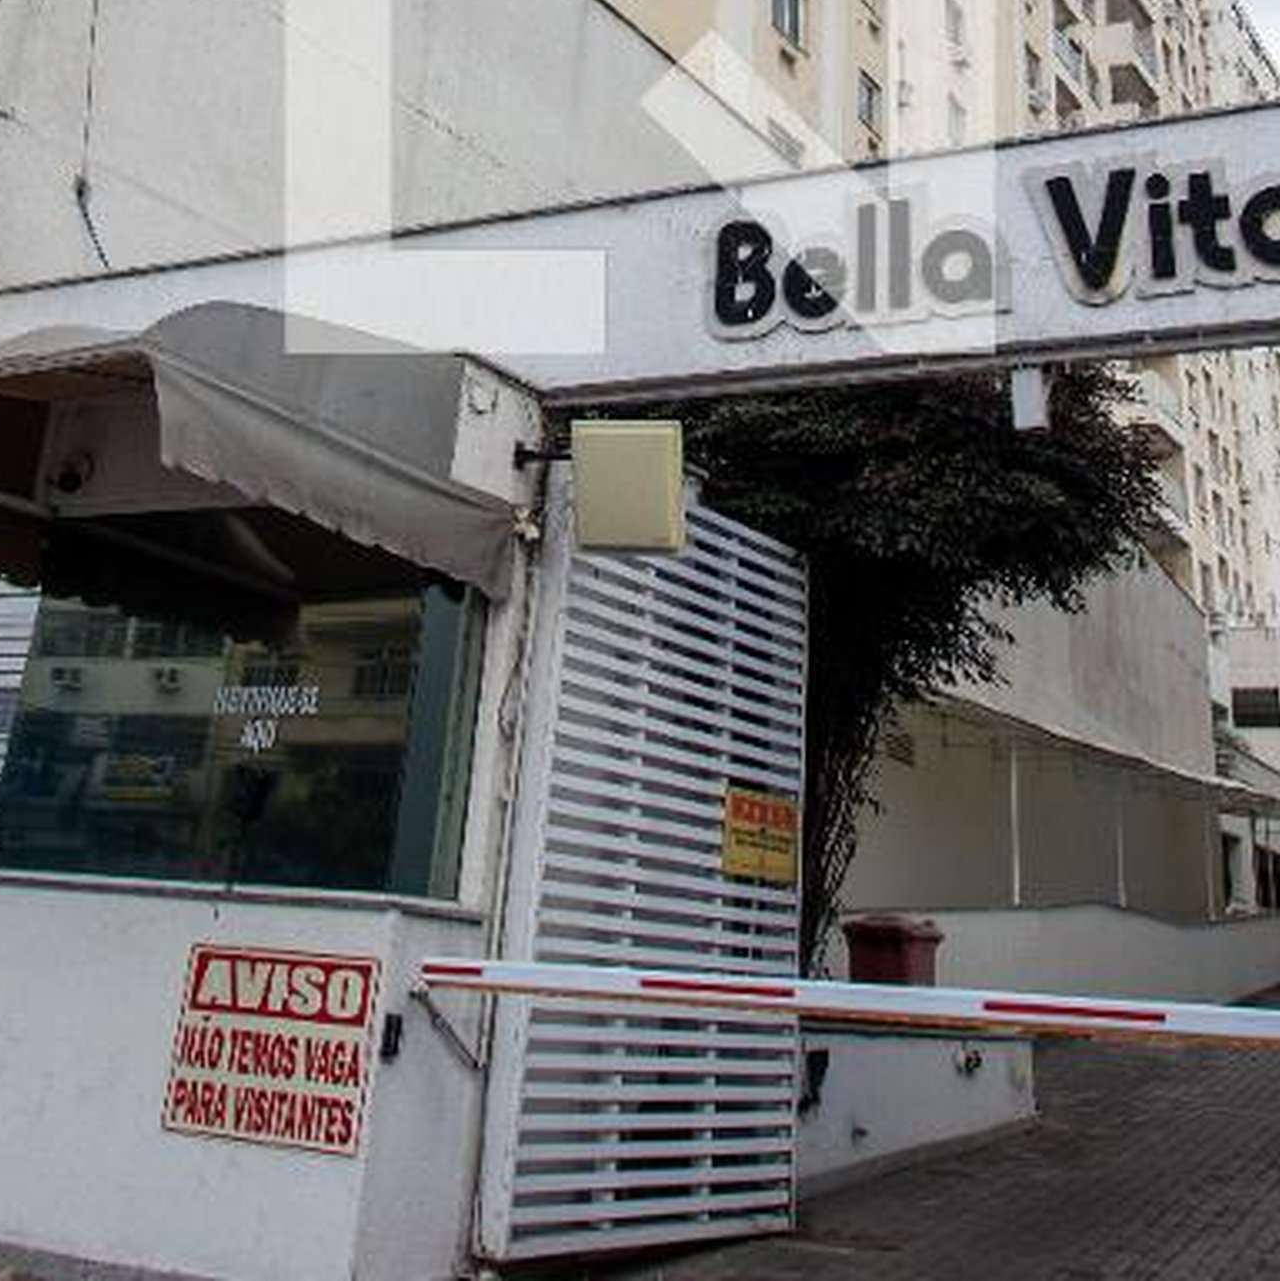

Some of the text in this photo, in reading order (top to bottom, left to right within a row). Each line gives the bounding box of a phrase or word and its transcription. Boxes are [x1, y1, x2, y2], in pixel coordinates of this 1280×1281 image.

[715, 199, 993, 326] Bella
[195, 959, 365, 1019] AVISO
[178, 1016, 360, 1087] NÃO TEMOS VAGA
[172, 1077, 355, 1145] PARA VISITANTES

----

Work item —
Pictures are to be left out; all other data must be returned exactly.

Task answer —
Some of the text in this photo, in reading order (top to bottom, left to right within a row). Each line gives the bounding box of a phrase or word and its transcription. Boxes are [x1, y1, x2, y2], in pixel coordinates of this 1280×1281 image.

[715, 199, 993, 326] Bella
[195, 959, 365, 1019] AVISO
[178, 1016, 360, 1087] NÃO TEMOS VAGA
[172, 1077, 355, 1145] PARA VISITANTES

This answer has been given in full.